## ACTION ITEM:
Repeat all the lines below exactly, but omit the pictures.
....
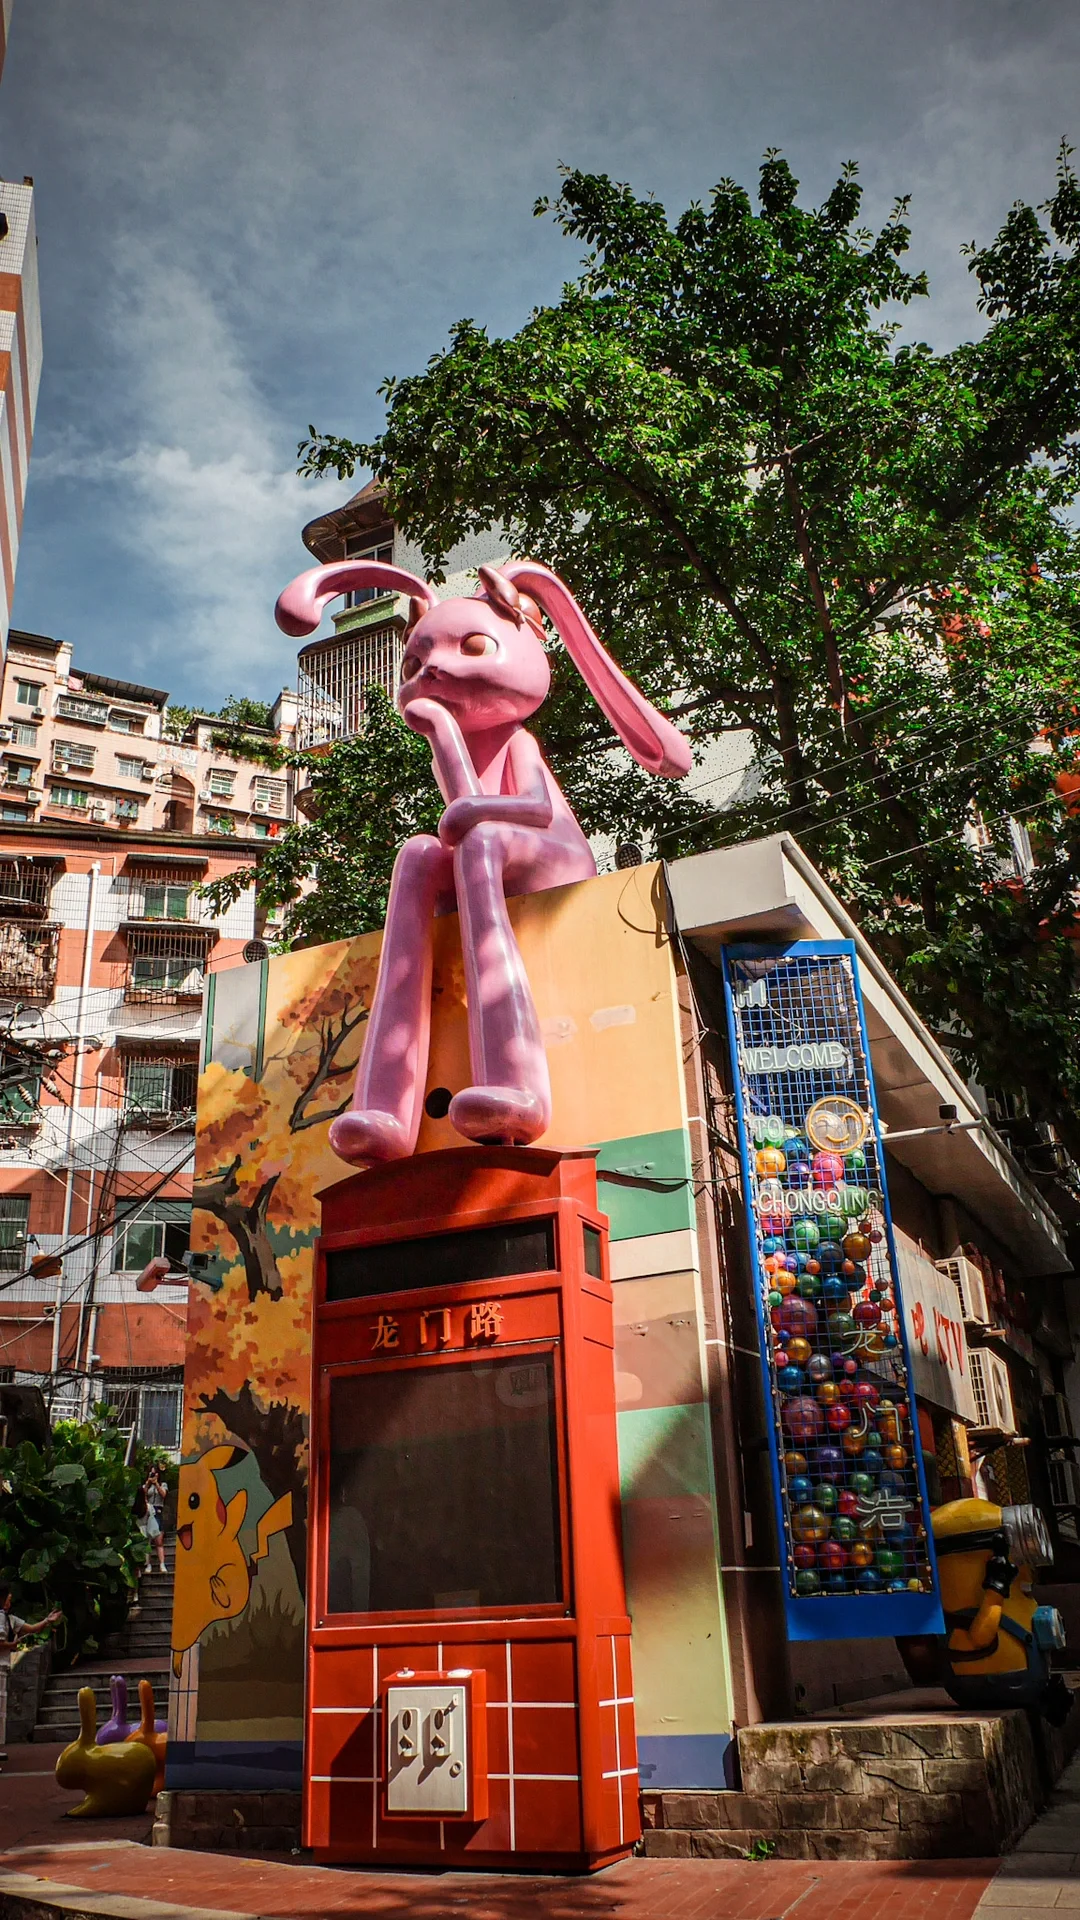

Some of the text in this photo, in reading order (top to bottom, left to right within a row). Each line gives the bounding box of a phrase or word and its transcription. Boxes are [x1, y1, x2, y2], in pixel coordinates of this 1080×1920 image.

[743, 1042, 845, 1074] WELCOME
[752, 1115, 785, 1142] TO
[758, 1189, 881, 1214] CHONGQING
[369, 1301, 505, 1351] 龙门路
[932, 1306, 964, 1376] KTV
[840, 1321, 914, 1528] 龙门浩
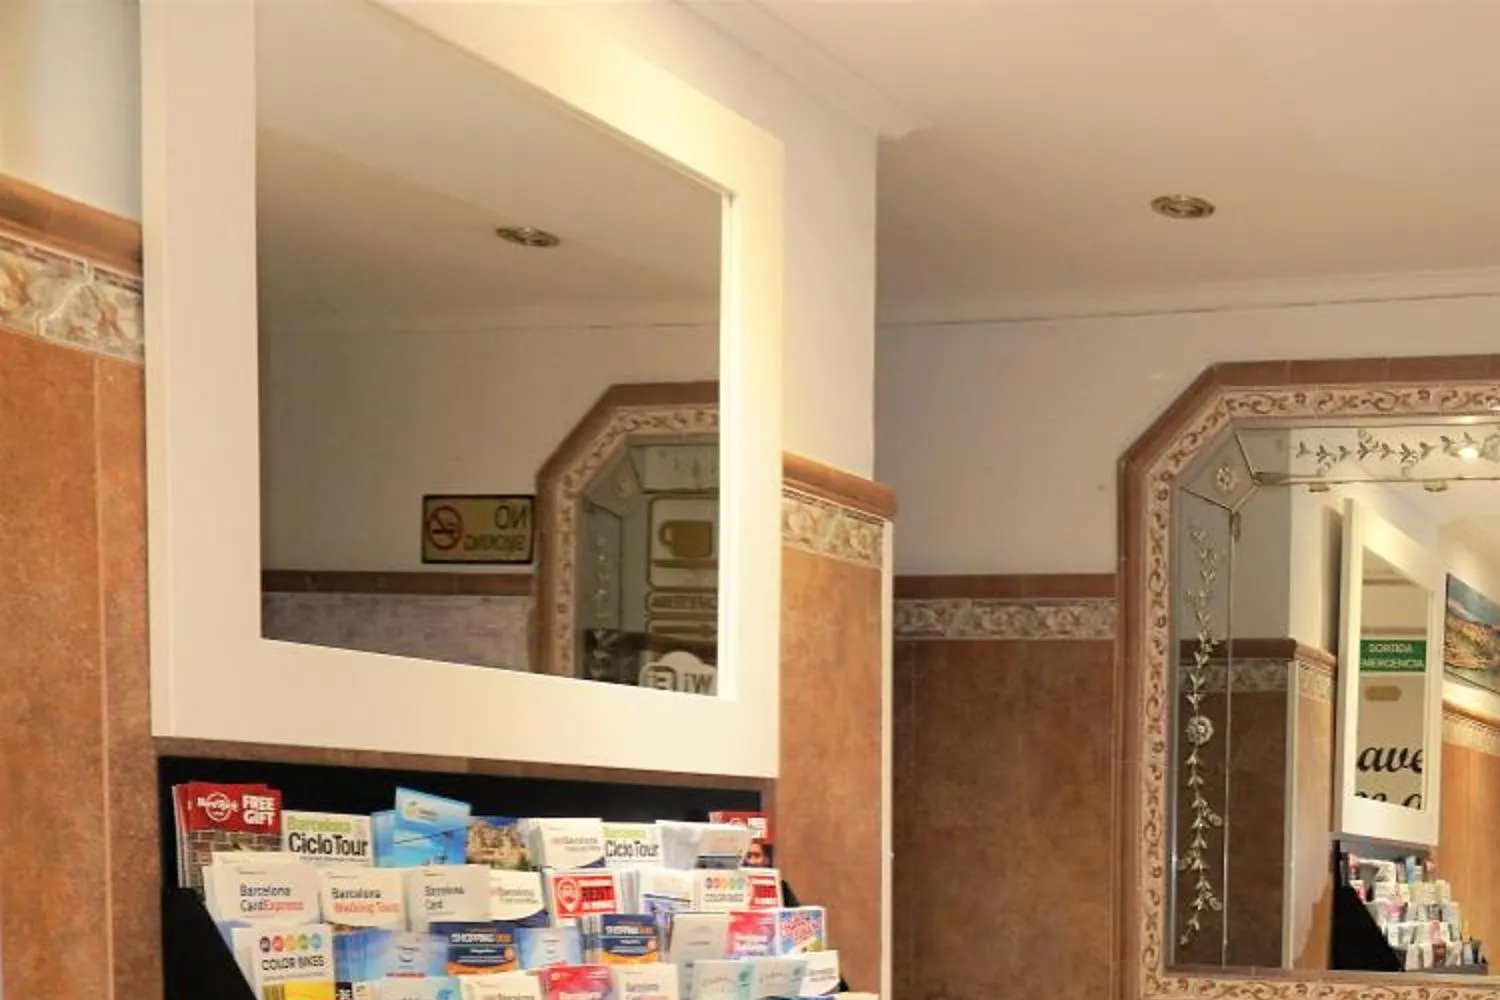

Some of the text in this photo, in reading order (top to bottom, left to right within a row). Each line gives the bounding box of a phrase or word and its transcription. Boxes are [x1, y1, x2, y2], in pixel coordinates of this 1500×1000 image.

[241, 794, 275, 811] FREE
[243, 810, 276, 827] GIFT
[288, 831, 369, 857] CicloTour
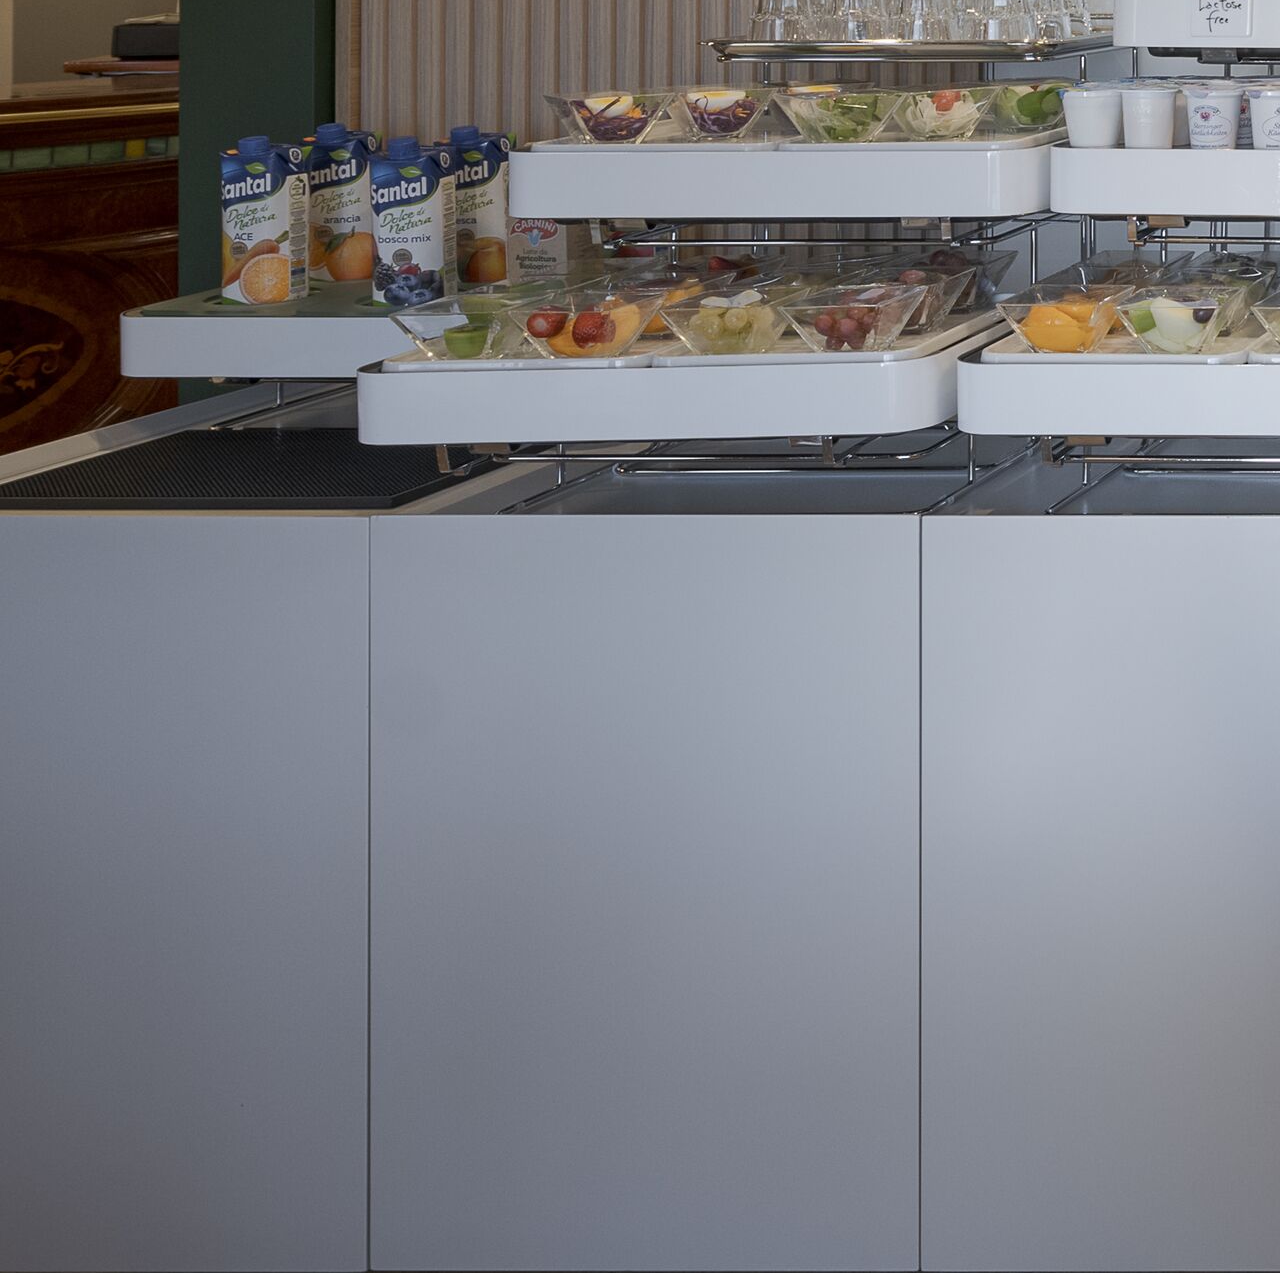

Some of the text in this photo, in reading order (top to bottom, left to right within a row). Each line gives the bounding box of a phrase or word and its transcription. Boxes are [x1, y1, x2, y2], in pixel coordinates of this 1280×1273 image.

[310, 159, 357, 185] antal
[456, 160, 489, 184] ntal
[371, 176, 427, 205] Santal
[323, 215, 361, 224] arancia
[456, 217, 477, 225] esca
[514, 219, 556, 232] CARNINI
[234, 232, 254, 241] ACE
[378, 234, 432, 244] bosco mix
....
## COMPLETED EXERCISE:
Some of the text in this photo, in reading order (top to bottom, left to right within a row). Each line gives the bounding box of a phrase or word and its transcription. Boxes are [x1, y1, x2, y2], in pixel coordinates of this 1080×1920 image.

[743, 1042, 845, 1074] WELCOME
[752, 1115, 785, 1142] TO
[758, 1189, 881, 1214] CHONGQING
[369, 1301, 505, 1351] 龙门路
[932, 1306, 964, 1376] KTV
[840, 1321, 914, 1528] 龙门浩

Some of the text in this photo, in reading order (top to bottom, left to right within a row). Each line gives the bounding box of a phrase or word and its transcription. Boxes are [x1, y1, x2, y2], in pixel coordinates of this 1500×1000 image.

[241, 794, 275, 811] FREE
[243, 810, 276, 827] GIFT
[288, 831, 369, 857] CicloTour

Some of the text in this photo, in reading order (top to bottom, left to right within a row). Each line gives the bounding box of a phrase or word and its transcription. Boxes are [x1, y1, x2, y2], in pixel coordinates of this 1280×1273 image.

[310, 159, 357, 185] antal
[456, 160, 489, 184] ntal
[371, 176, 427, 205] Santal
[323, 215, 361, 224] arancia
[456, 217, 477, 225] esca
[514, 219, 556, 232] CARNINI
[234, 232, 254, 241] ACE
[378, 234, 432, 244] bosco mix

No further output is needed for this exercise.